529 Preziosa

Discovery
- Discovered by: Max Wolf
- Discovery site: Heidelberg
- Discovery date: 20 March 1904

Designations
- Pronunciation: Spanish: [pɾeˈθjosa] Italian: [pretˈtsjoːza]
- Alternative designations: 1904 NT

Orbital characteristics
- Epoch 31 July 2016 (JD 2457600.5)
- Uncertainty parameter 0
- Observation arc: 113.30 yr (41382 d)
- Aphelion: 3.3078 AU (494.84 Gm)
- Perihelion: 2.7246 AU (407.59 Gm)
- Semi-major axis: 3.0162 AU (451.22 Gm)
- Eccentricity: 0.096685
- Orbital period (sidereal): 5.24 yr (1913.3 d)
- Mean anomaly: 298.796°
- Mean motion: 0° 11^{m} 17.376^{s} / day
- Inclination: 11.024°
- Longitude of ascending node: 65.210°
- Argument of perihelion: 333.658°

Physical characteristics
- Mean radius: 16.005±0.75 km
- Synodic rotation period: 27 h (1.1 d)
- Geometric albedo: 0.1632±0.017
- Absolute magnitude (H): 10.06

= 529 Preziosa =

Main-belt asteroid

529 Preziosa is a minor planet orbiting the Sun that was discovered by German astronomer Max Wolf on 20 March 1904 from Heidelberg.

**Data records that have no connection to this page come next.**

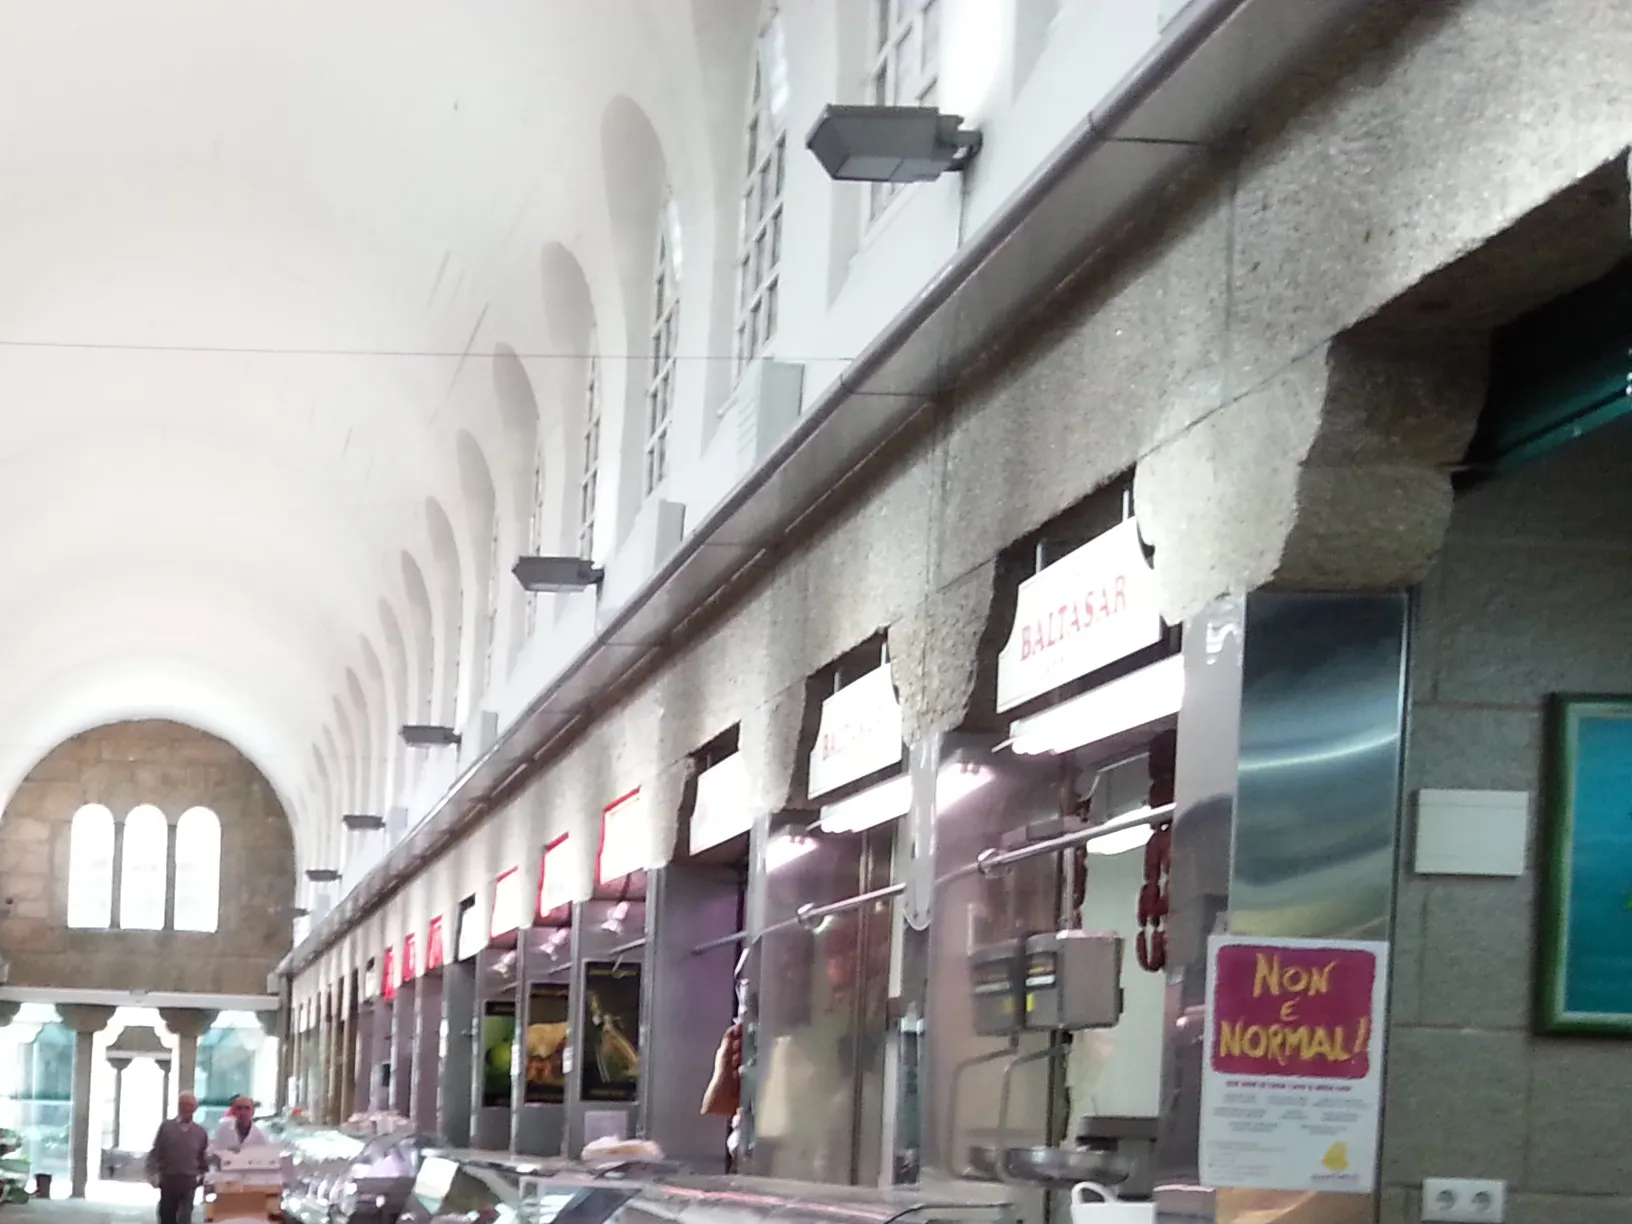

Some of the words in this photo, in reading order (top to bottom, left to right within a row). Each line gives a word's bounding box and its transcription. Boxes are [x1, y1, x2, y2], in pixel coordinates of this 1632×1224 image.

[1020, 574, 1128, 662] BALTASAR
[1252, 952, 1341, 998] NON
[1219, 1015, 1369, 1067] NORMAL!
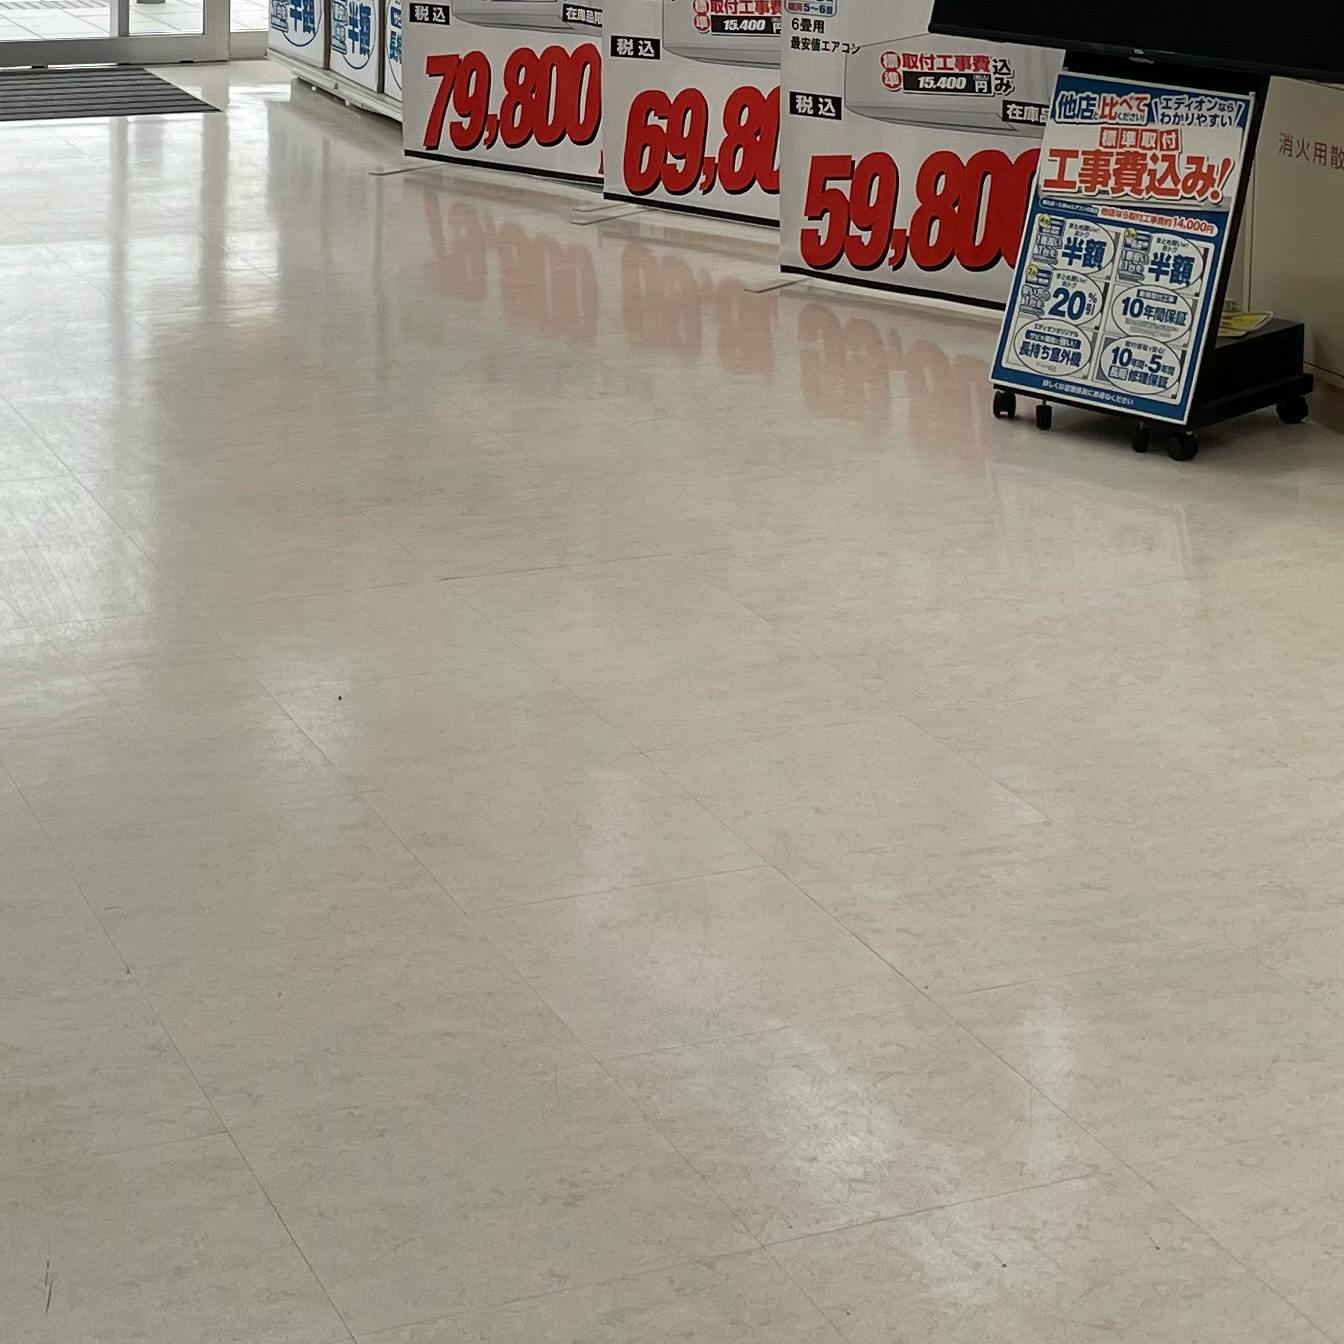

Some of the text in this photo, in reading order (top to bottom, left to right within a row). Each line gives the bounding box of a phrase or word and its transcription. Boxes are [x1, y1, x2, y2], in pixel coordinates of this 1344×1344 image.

[414, 6, 447, 24] 税込
[791, 17, 825, 34] 6畳用
[616, 37, 656, 58] 税込
[790, 36, 861, 56] 最安値エアコン
[901, 53, 991, 74] 取付工事費
[422, 43, 603, 151] 79,800
[795, 94, 837, 118] 税込
[1159, 94, 1236, 114] エディオンなら
[1159, 111, 1235, 128] わかりやすい
[1100, 127, 1181, 151] 標準取付
[1042, 147, 1235, 201] 工事費込み!
[1061, 236, 1108, 271] 半額
[1148, 252, 1196, 287] 半額
[1047, 287, 1087, 322] 20
[1121, 296, 1187, 328] 10年間保証

This is a member of the dynamic Eos family of asteroids that were probably formed as the result of a collisional breakup of a parent body.

The name is that of the protagonist of one of Miguel de Cervantes's Exemplary Novels. It is possible, since this was a period when Wolf habitually named his comets after operatic heroines, that he specifically had in mind the Preziosa in the eponymous opera by Antonio Smareglia.